The same flow as text (terminal-friendly fallback for screen readers and CLI viewers):

Source repo workflow
→ Builds structured submission (JSON)
→ Emits via repository_dispatch to testing-os
testing-os ingestion pipeline
→ Schema validation (AJV)
→ Provenance check (GitHub API)
→ Policy evaluation (enforcement, scenarios, freshness)
→ Verdict computation (source proposes; verifier confirms
or downgrades)
→ Accepted: records/<org>/<repo>/YYYY/MM/DD/<run-id>.json
→ Rejected: records/_rejected/<org>/<repo>/YYYY/MM/DD/...
→ Index rebuild:
indexes/latest-by-repo.json
indexes/failing.json
indexes/stale.json

Source repos never write records directly. They emit structured payloads via repository_dispatch, and only the testing-os bot writes to the records directory. This prevents source repos from fabricating evidence.

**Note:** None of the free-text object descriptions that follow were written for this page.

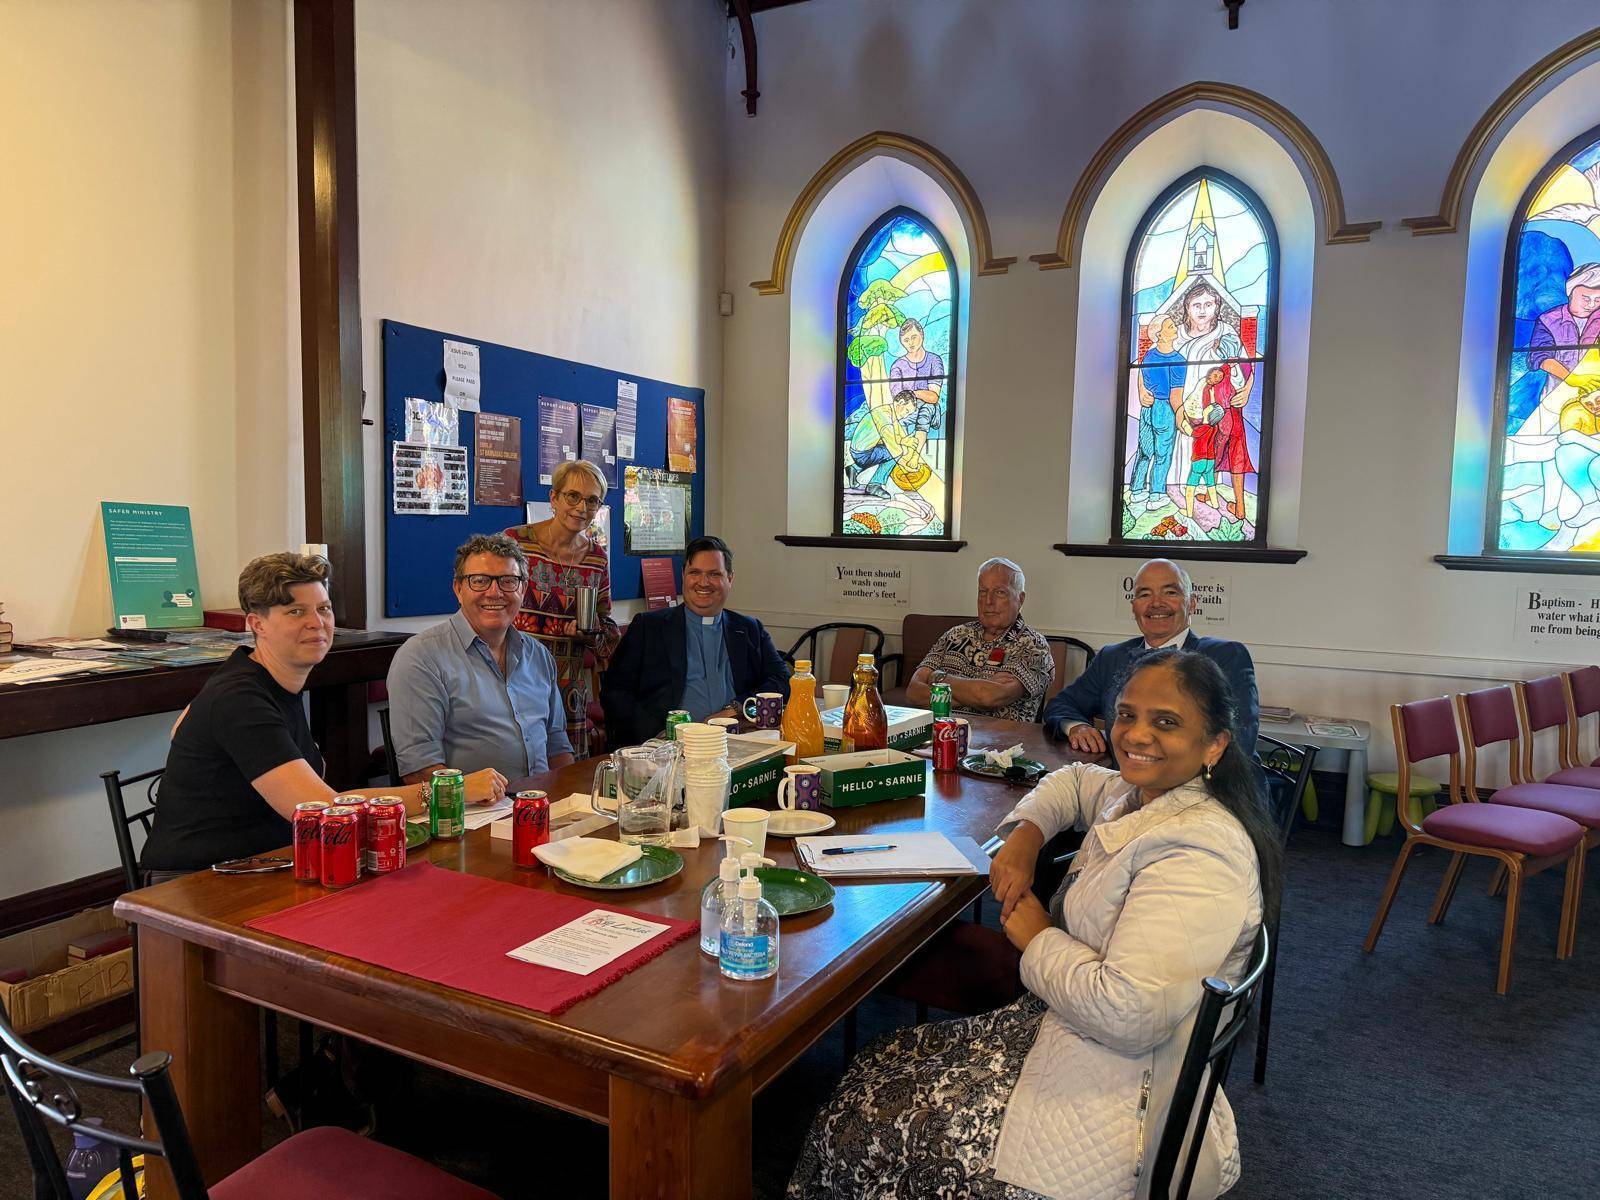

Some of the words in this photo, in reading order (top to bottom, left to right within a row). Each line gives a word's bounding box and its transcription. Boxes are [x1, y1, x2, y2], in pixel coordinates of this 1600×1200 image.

[836, 566, 853, 580] You
[855, 569, 873, 577] then
[875, 570, 901, 579] should
[851, 579, 871, 587] wash
[1216, 583, 1225, 593] is
[842, 589, 880, 598] another's
[881, 591, 896, 599] feet
[1528, 592, 1575, 610] Baptism
[1537, 612, 1566, 621] water
[1569, 612, 1594, 623] what
[1530, 625, 1546, 633] me
[1547, 624, 1573, 635] from
[904, 726, 926, 739] SARNIE
[748, 769, 777, 788] SARNIE
[842, 780, 874, 793] HELLO
[885, 773, 923, 787] SARNIE
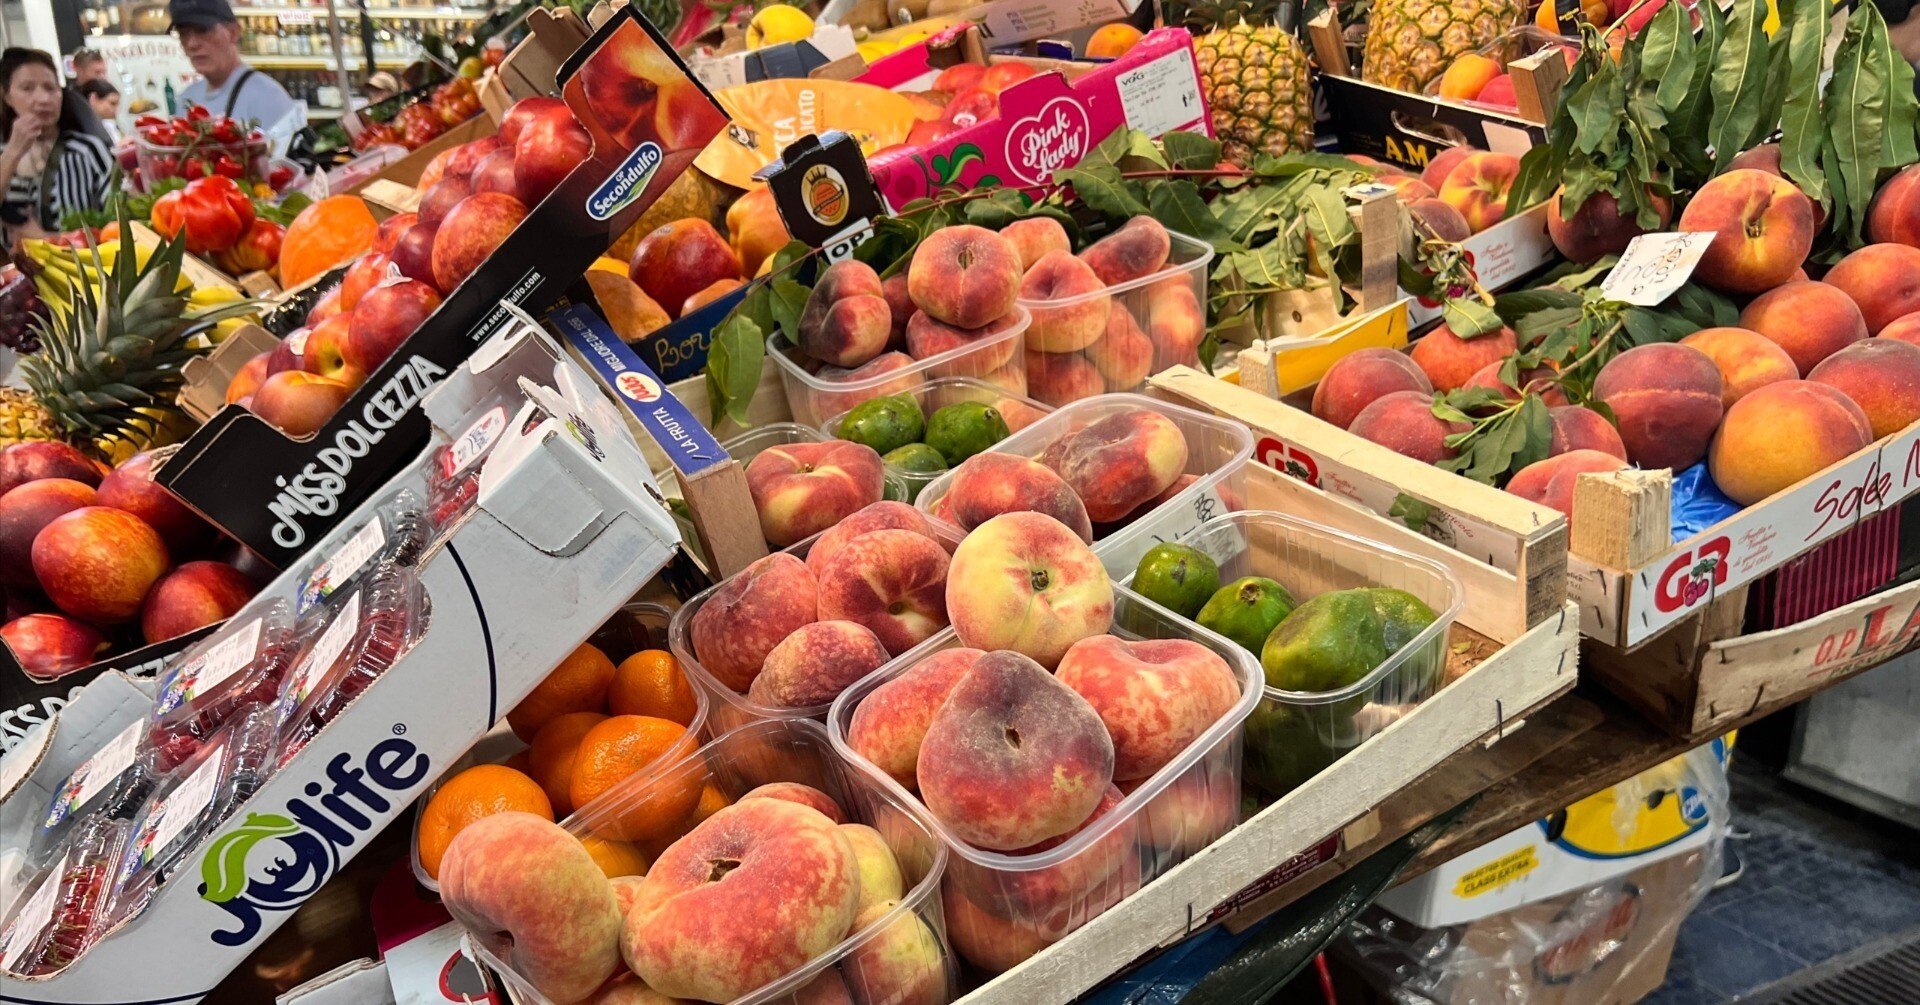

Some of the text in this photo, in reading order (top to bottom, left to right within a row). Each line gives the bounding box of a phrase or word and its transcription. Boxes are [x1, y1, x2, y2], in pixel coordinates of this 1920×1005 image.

[1021, 107, 1070, 166] Pink
[1033, 131, 1080, 182] Lady
[594, 149, 658, 215] Secondulfo
[472, 272, 541, 342] www.secoulfo.com
[591, 341, 627, 372] MIGLIORE
[653, 407, 699, 453] LA FRUTTA
[1815, 628, 1857, 667] O.P.

The source repo proposes a verdict (overall_verdict in the submission). The verifier can confirm or downgrade — never upgrade. A source claiming “pass” that fails schema or policy validation becomes “fail.”

Records are stored at records/<org>/<repo>/YYYY/MM/DD/<run-id>.json. This provides natural time-sharding, easy browsing, and clean git history without merge conflicts.

latest-by-repo.json is rebuilt from accepted records after every ingestion. Consumers read indexes, not the raw record tree. This keeps reads fast without scanning git history.

ComponentLocationPurpose
Verifierpackages/verify/Schema, provenance, policy, verdict validation
Ingestionpackages/ingest/Pipeline orchestration, atomic persistence, index rebuild
Submission builderpackages/report/Canonical submission assembly for source repos
Portfoliopackages/portfolio/Org-level summary generation

The verifier (packages/verify/index.js) processes each submission through seven stages in order:

  1. Schema validation — validates the submission against dogfood-record-submission.schema.json using AJV.
  2. Verifier-owned field guard — rejects submissions that include fields only the verifier may set (policy_version, verification, or overall_verdict as an object).
  3. Provenance check — confirms the source workflow run actually exists via the GitHub Actions API (or a stub adapter in tests).
  4. Step results validation — checks that each scenario’s required steps have matching results and that verdicts are internally consistent.
  5. Policy evaluation — evaluates enforcement tier, required scenarios, freshness, and execution-mode constraints from the repo or global policy.
  6. Verdict computation — computes the final verdict. The source proposes a verdict string; the verifier may confirm or downgrade, never upgrade. Verdict severity from highest to lowest: fail, blocked, partial, pass.
  7. Record assembly — builds the persisted record with verifier-owned fields (verification.status, verification.verified_at, overall_verdict.verified, overall_verdict.downgraded).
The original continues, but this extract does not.